Professor of International Relations and Sociology

Susan Eva Eckstein is a professor of sociology and of international relations at Boston University Pardee School. Her research focuses research on Latin America and Latin American immigration. She has written extensively on Mexico, Cuba, and Bolivia, and, in recent years, on immigration and its impact across borders as well as on immigration policy. She has written and edited books on the urban poor, the impacts of revolutions, social movements, and social rights. On Cuba, her books have focused on the Castro-led revolution, Cuban immigrants, and how they have transformed Miami and influenced U.S. foreign policy, and U.S. Cuban immigration policy since the revolution. Her most recently published book is titled Cuban Privilege: The Making of Immigrant Inequality in America )Cambridge University Press, 2022).
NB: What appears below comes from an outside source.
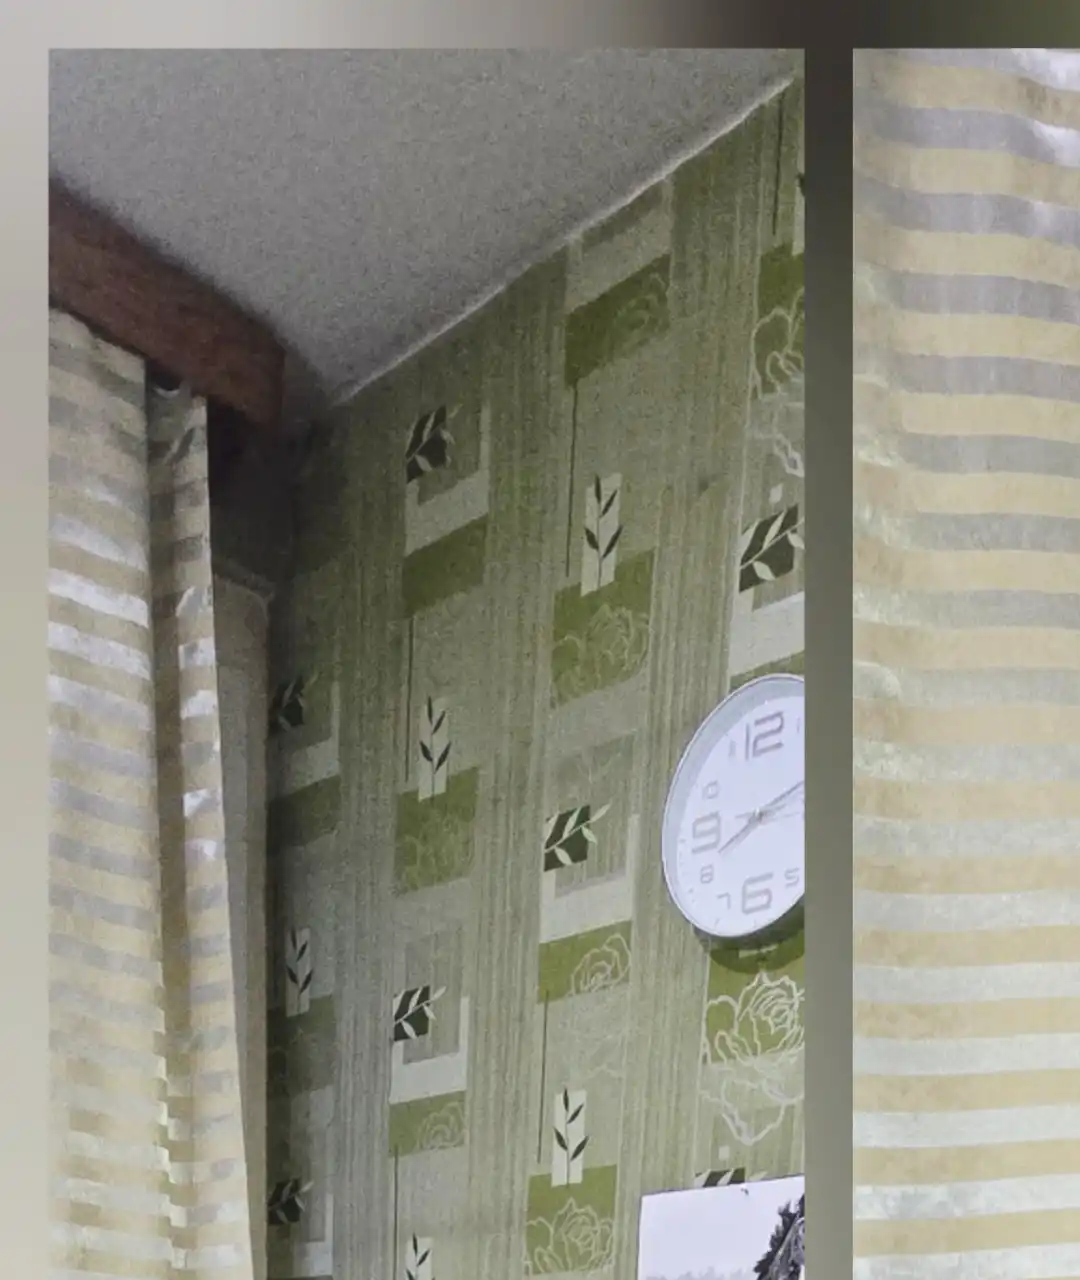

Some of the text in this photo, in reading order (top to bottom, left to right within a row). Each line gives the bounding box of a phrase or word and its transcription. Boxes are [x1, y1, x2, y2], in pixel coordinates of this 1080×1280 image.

Eckstein is the author of four books, most recently of The Immigrant Divide: How Cuban Americans Changed the U.S. and Their Homeland, and editor/co-editor of another four books in English (most recently of How Immigrants Impact Their Homelands [co-authored]). She has also published two books in Spanish and authored about seven dozen articles, winning several awards for her publications. She has held grants and fellowships from the John Simon Guggenheim Memorial Foundation, John D. and Catherine T. MacArthur Foundation, the Radcliffe Institute, the American Council of Learned Societies, the Social Science Research Council, the Rockefeller Foundation, the Institute for World Order, a Mellon-MIT grant, the Ford Foundation, and the Tinker Foundation. She has served as President of the Latin American Studies Association and of the New England Council on Latin America; held numerous other positions in those two societies as well as in the American Sociological Association and the Eastern Sociological Society; and served on the editorial boards of about a dozen journals and press editorial boards.

Professor Eckstein’s areas of expertise include urbanization, immigration, poverty, rights and injustices, political economy of developing countries, and social movements in third world countries.